Abundant research indicates that there are many risk factors that push people to be involved in HIV-risk behaviors and most of these are beyond individuals’ control. Numerous studies show that poor people face many barriers to employ safer behaviors and most of these barriers are beyond their control. While these individualized approaches and programs are necessary, they are not sufficient to combat the HIV epidemic because they tend to overlook and neglect the social and economic context of the epidemic.

Now there is an increasing awareness of the weaknesses of individualistic approaches and programs to health interventions and this has led to a growing debate and discourse on the need for and relevance of structural interventions that address distal- and proximal-risk factors of contemporary public health problems, including HIV.

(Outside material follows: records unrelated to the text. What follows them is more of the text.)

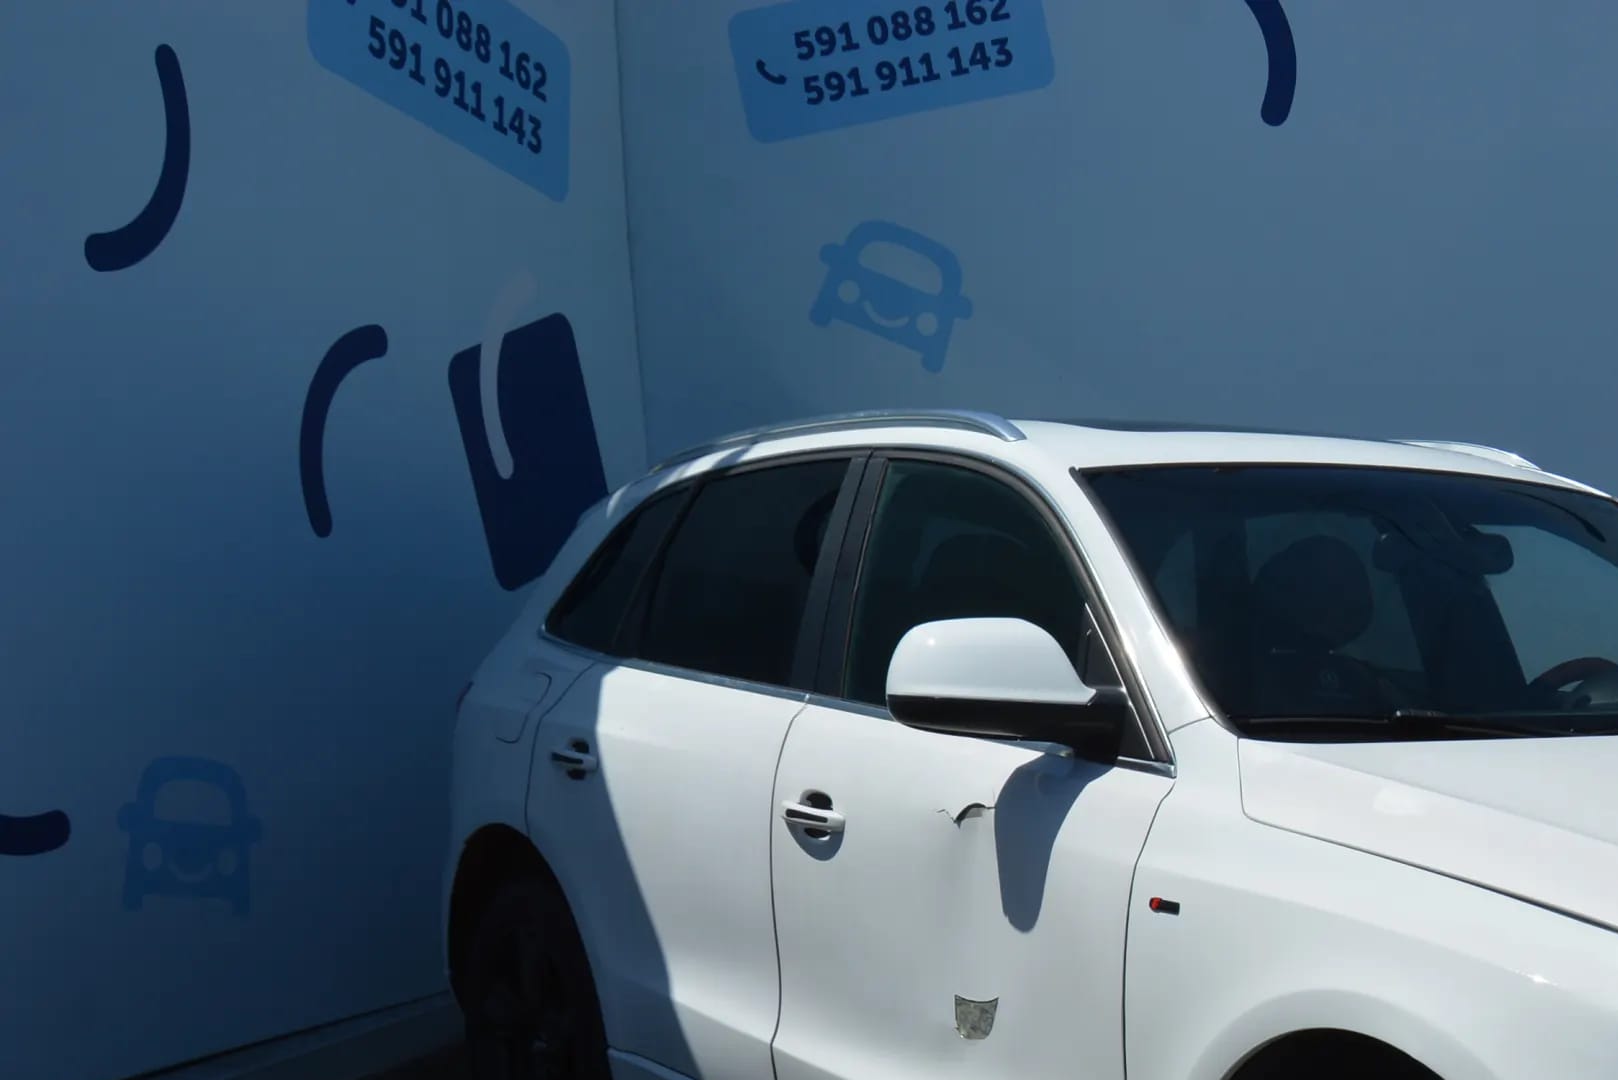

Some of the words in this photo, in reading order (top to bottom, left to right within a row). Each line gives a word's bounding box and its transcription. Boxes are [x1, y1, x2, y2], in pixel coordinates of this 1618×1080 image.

[436, 0, 492, 64] 088
[498, 40, 548, 103] 162
[793, 22, 861, 61] 591
[866, 6, 936, 46] 088
[943, 0, 1011, 32] 162
[803, 66, 870, 105] 591
[875, 52, 941, 92] 911
[946, 36, 1014, 78] 143
[367, 15, 427, 86] 591
[433, 57, 487, 123] 911
[492, 95, 543, 155] 143
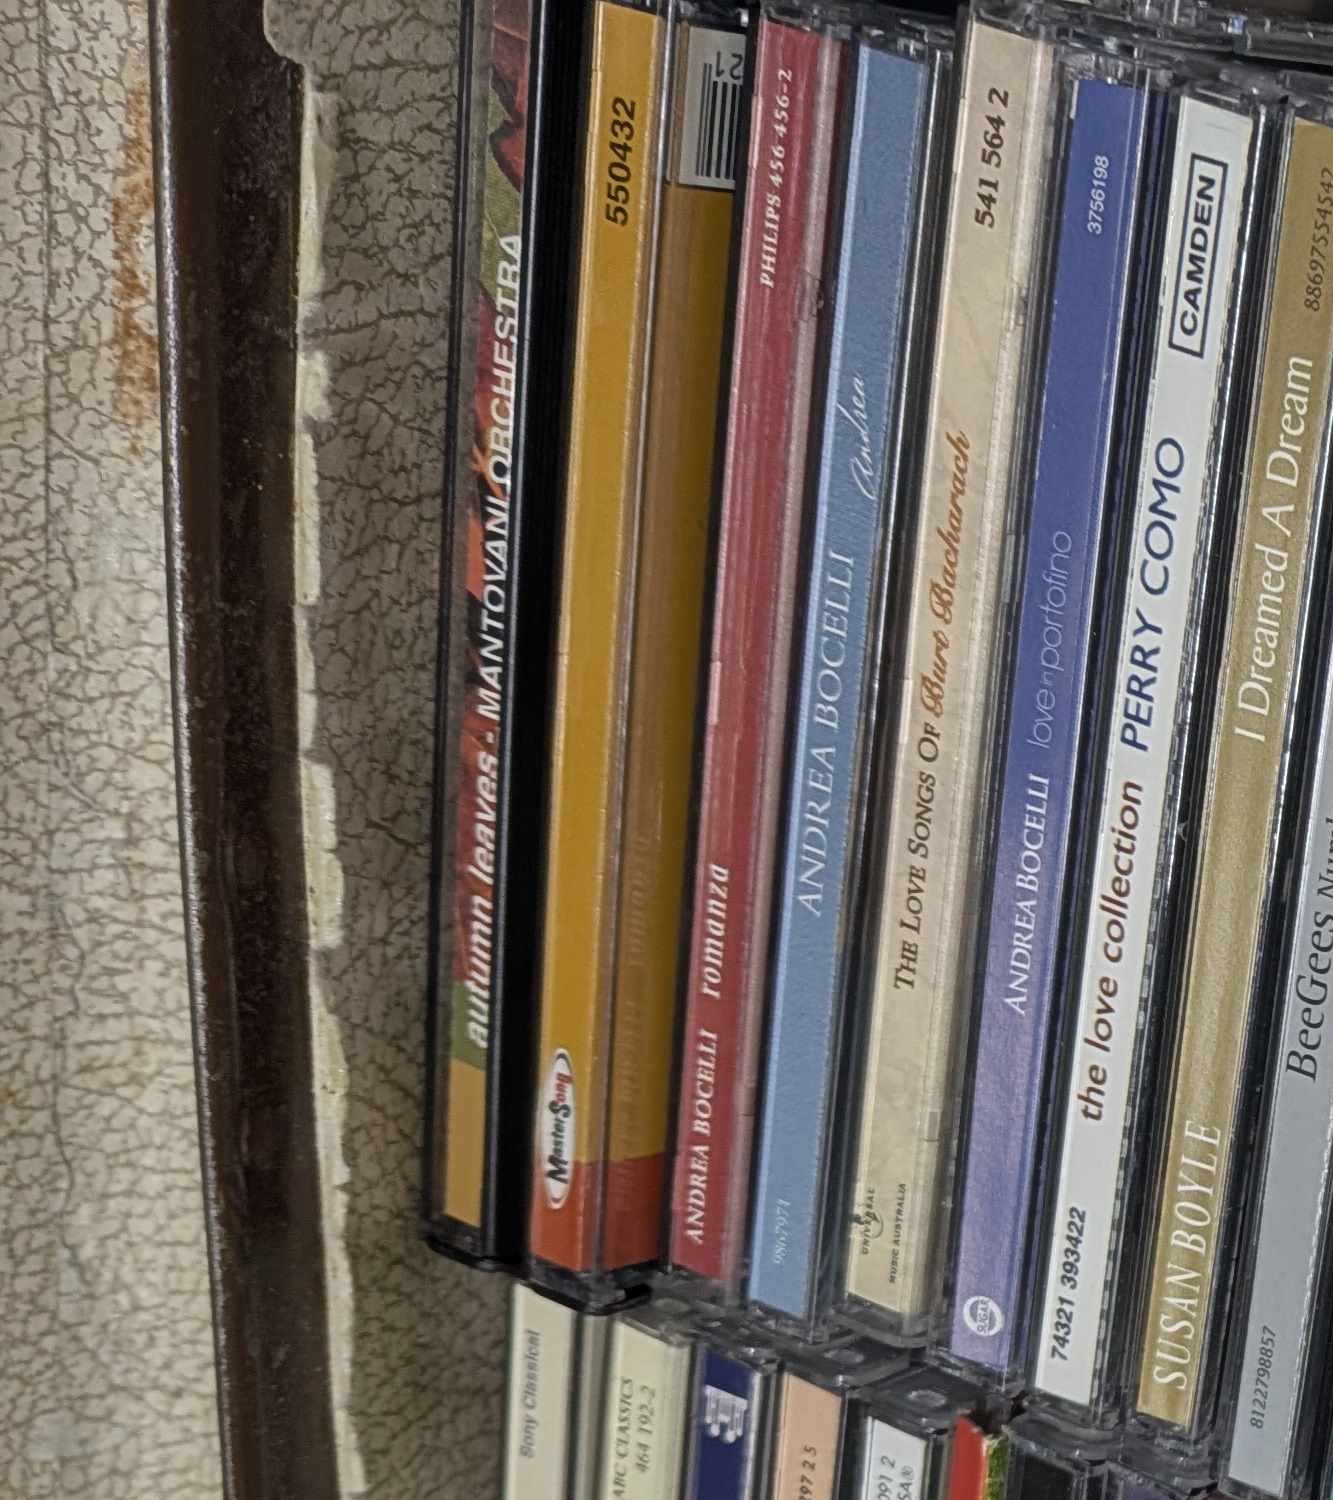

Structural interventions focus on changing the context or environment within which individuals act for the purpose of persuading them to apply healthier and safer behaviors. In other words, structural interventions attempt to create an enabling environment, an environment that enables or empowers people to make positive preferences by providing them a supportive context, and provides them with sufficient opportunities to make healthier choices.

Structural interventions seek to “affect risk environments” by altering the context in which ill-health occurs. Such interventions address social and economic determinants of health and have the potential to affect multiple endpoints.

It should also be noted that structural interventions are consistent with the principles of the “new public health” as presented in the Ottawa Charter for Health Promotion, which explicitly advocates the need to address social and environmental determinants of health and advocates the need to develop effective responses to public health issues both at individual and community levels.

In addition, numerous studies have revealed the relevance of and the need for structural interventions in the field of HIV prevention. Studies maintain that structural interventions for HIV prevention should focus on three areas of change.

First, by addressing social change, this approach focuses on factors affecting multiple groups (e.g. a region or country as a whole), such as legal reform, socioeconomic empowerment and stigma-reduction for marginalized groups, and efforts to cultivate strong leadership on HIV and drug use prevention programs.

Second, by promoting changes within specific groups, this approach addresses social structures that create vulnerability among specific populations, such as problematic drug users, drug injectors, sex workers, homosexuals and poor young people, poor girls and homeless people.

Examples include efforts to organize and empower problematic drug users, drug injectors, sex workers, including microfinance programs for poor people as well as interventions to change harmful local norms.

Third, harm-reduction and health-seeking behavior change, with approaches that focus on making harm-reduction programs available to those in need, and to change rules, services and attitudes that impede access to these programs. Examples include efforts to provide education employment and safe housing for poor people and vulnerable groups.

In order to promote the initiation of structural interventions to combat the HIV epidemic, we should view HIV not merely as a medical or public heath issue. We should see it in the framework of broader development issue.

A multidisciplinary approach and the involvement of researchers and peoples from different background such as economics, psychology, sociology, anthropology, social work, community development and so on are highly needed.

The writer, who earned his doctoral degree at the Melbourne School of Population Health at the University of Melbourne, Australia, is a lecturer and researcher at the School of Public Health, Hasanuddin University, Makassar.